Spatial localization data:
.....

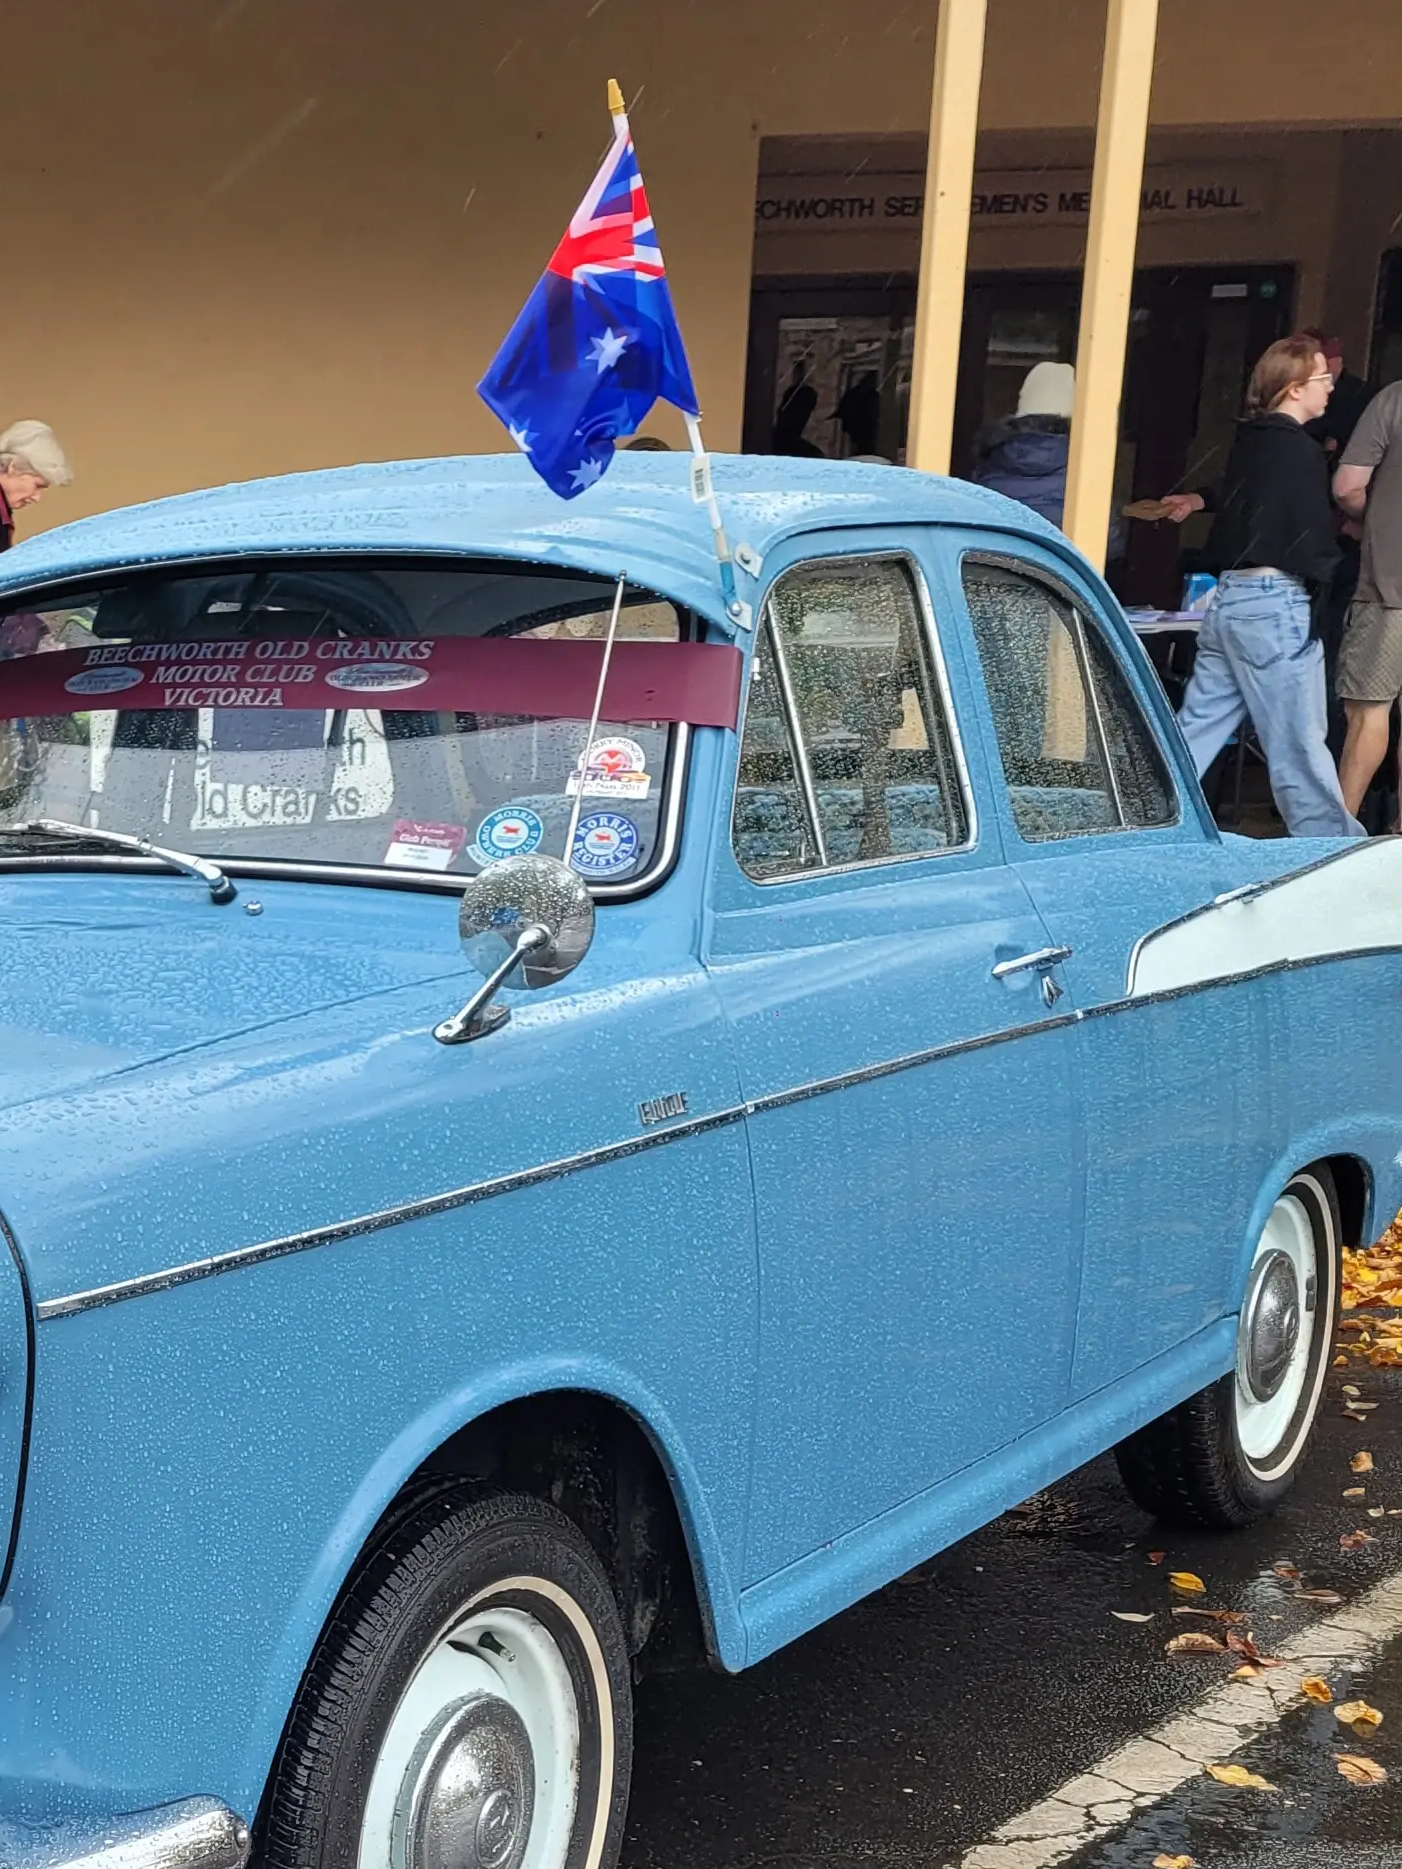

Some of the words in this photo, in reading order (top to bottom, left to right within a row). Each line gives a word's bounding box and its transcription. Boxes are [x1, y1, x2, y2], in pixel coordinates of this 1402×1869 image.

[755, 196, 875, 220] CHWORTH
[1058, 186, 1177, 213] MEIAL
[1186, 187, 1244, 210] HALL
[83, 641, 251, 666] BEECHWORTH
[254, 640, 309, 660] OLD
[315, 640, 435, 661] CRANKS
[149, 664, 240, 684] MOTOR
[245, 664, 317, 683] CLUB
[163, 687, 284, 706] VICTORIA
[494, 810, 538, 827] MORRIS
[576, 816, 633, 838] MORRIS
[573, 842, 634, 867] REGISTER

.....

**Task description**:
Type out the entries again without a single change, and leave the pictures out.

**Exercise solution**:
Some of the words in this photo, in reading order (top to bottom, left to right within a row). Each line gives a word's bounding box and its transcription. Boxes are [x1, y1, x2, y2], in pixel coordinates of this 1402×1869 image.

[755, 196, 875, 220] CHWORTH
[1058, 186, 1177, 213] MEIAL
[1186, 187, 1244, 210] HALL
[83, 641, 251, 666] BEECHWORTH
[254, 640, 309, 660] OLD
[315, 640, 435, 661] CRANKS
[149, 664, 240, 684] MOTOR
[245, 664, 317, 683] CLUB
[163, 687, 284, 706] VICTORIA
[494, 810, 538, 827] MORRIS
[576, 816, 633, 838] MORRIS
[573, 842, 634, 867] REGISTER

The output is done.